RT2- Cystitis and Pyelonephritis
This article discusses the guidelines for the treatment of acute uncomplicated cystitis and pyelonephritis in women. Women with acute uncomplicated cystitis usually present without fever, flank pain or symptoms of pyelonephritis and are able to take oral medications are treated with Nitrofurantoin (Macrobid) 100 mg for 5 days (also safe in pregnancy) OR Bactrim DS BID for 3 days OR Fosfomycin trometamol 3 gm single dose OR Pivmecillinam 400 mg BID for 5 days. Floroquinolones are also another option.

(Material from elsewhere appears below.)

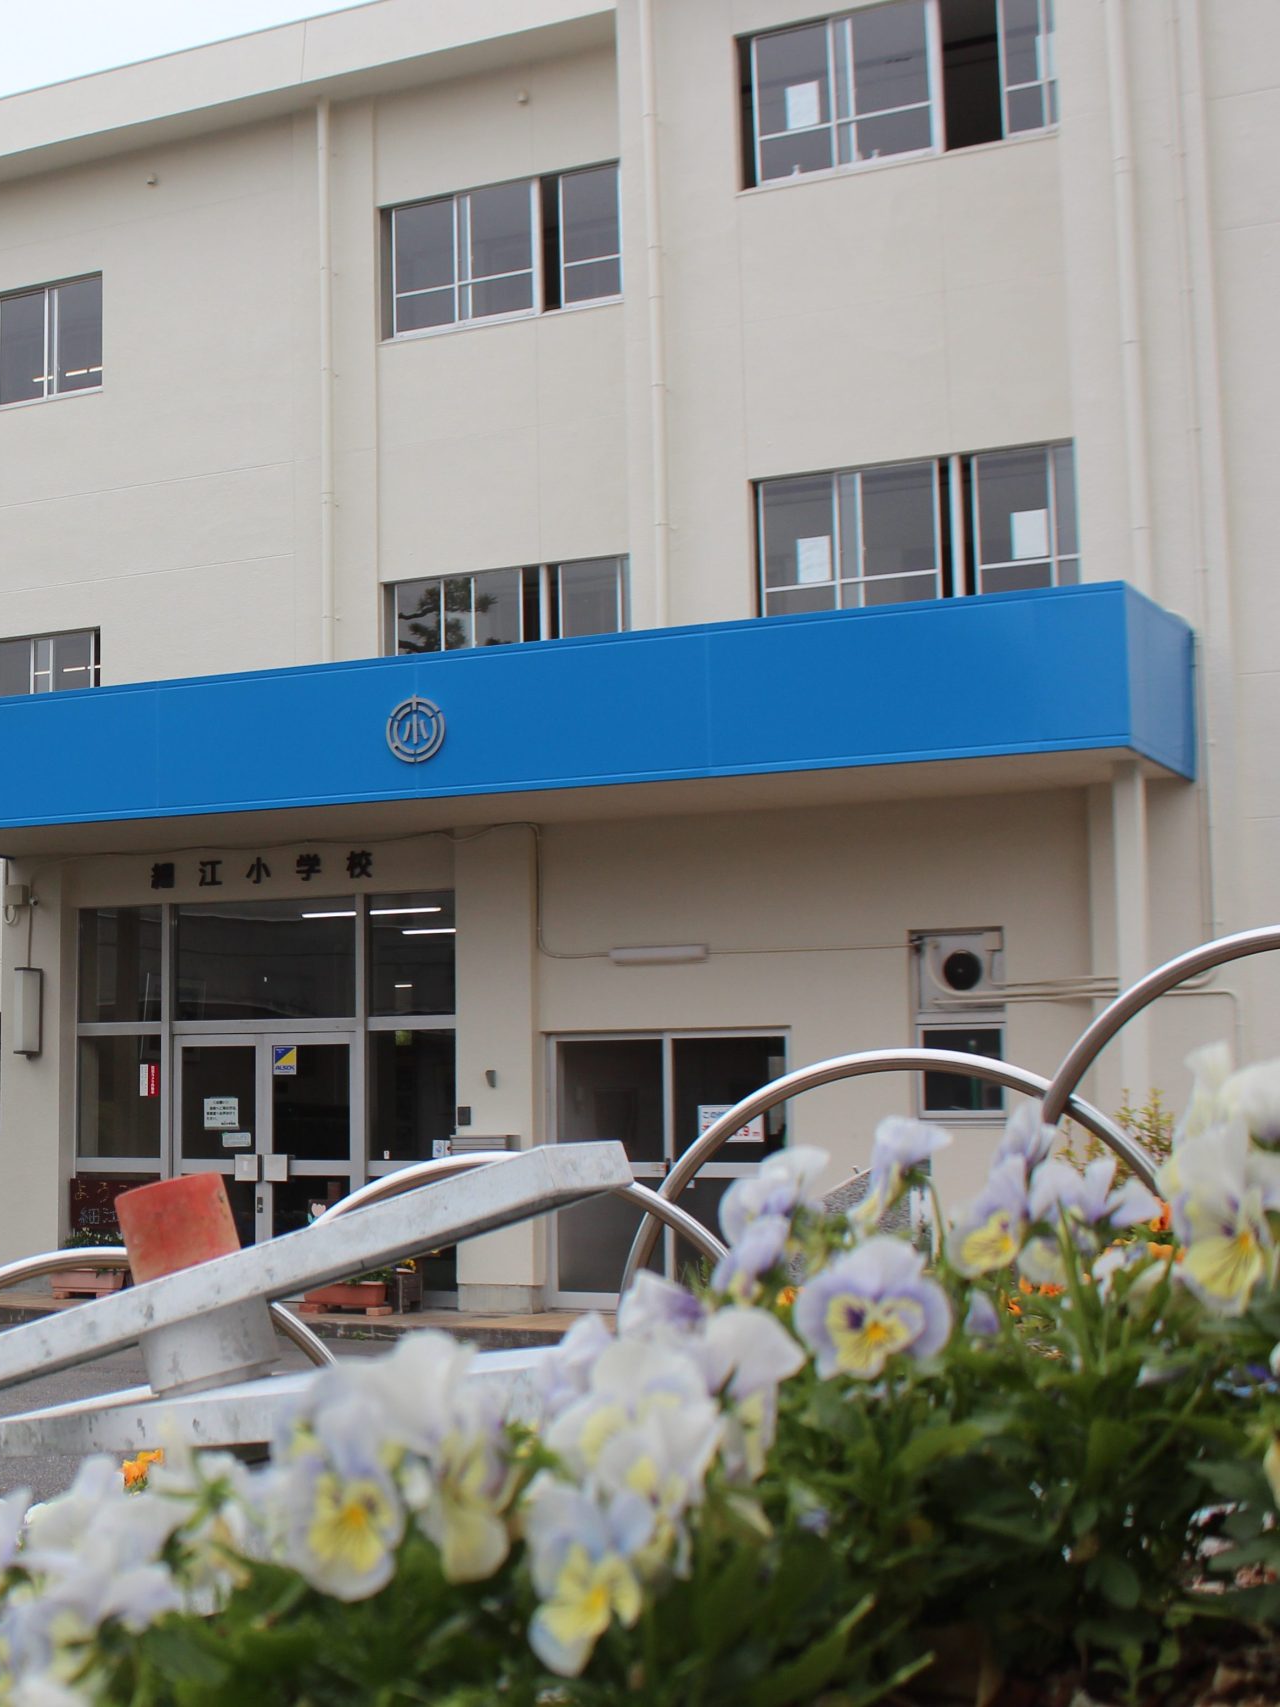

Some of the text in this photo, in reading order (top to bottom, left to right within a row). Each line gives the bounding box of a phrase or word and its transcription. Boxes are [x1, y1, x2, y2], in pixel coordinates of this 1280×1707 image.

For acute pyelonephritis, a urinalysis should be performed in order to prescribe the best therapy for the targeted agent. The treatment options are oral ciprofloxacin 500 mg BID for 7 days OR once daily oral fluoroquinolone — ciprofloxacin 1000 mg extended release for 7 days or levofloxacin 750 mg for 5 days if patient does not require hospitalization. Another option is oral Bactrim 160/800 mg BID for 14 days. Beta Lactams are usually less effective in pyelonephritis treatment. If hospitalization is required, the treatment options consist of IV floroquinolones, amino glycoside, with or without ampicillin, extended spectrum cephalosporin/penicillin or a carbapenem. The patient in my case was treated with Meropenem.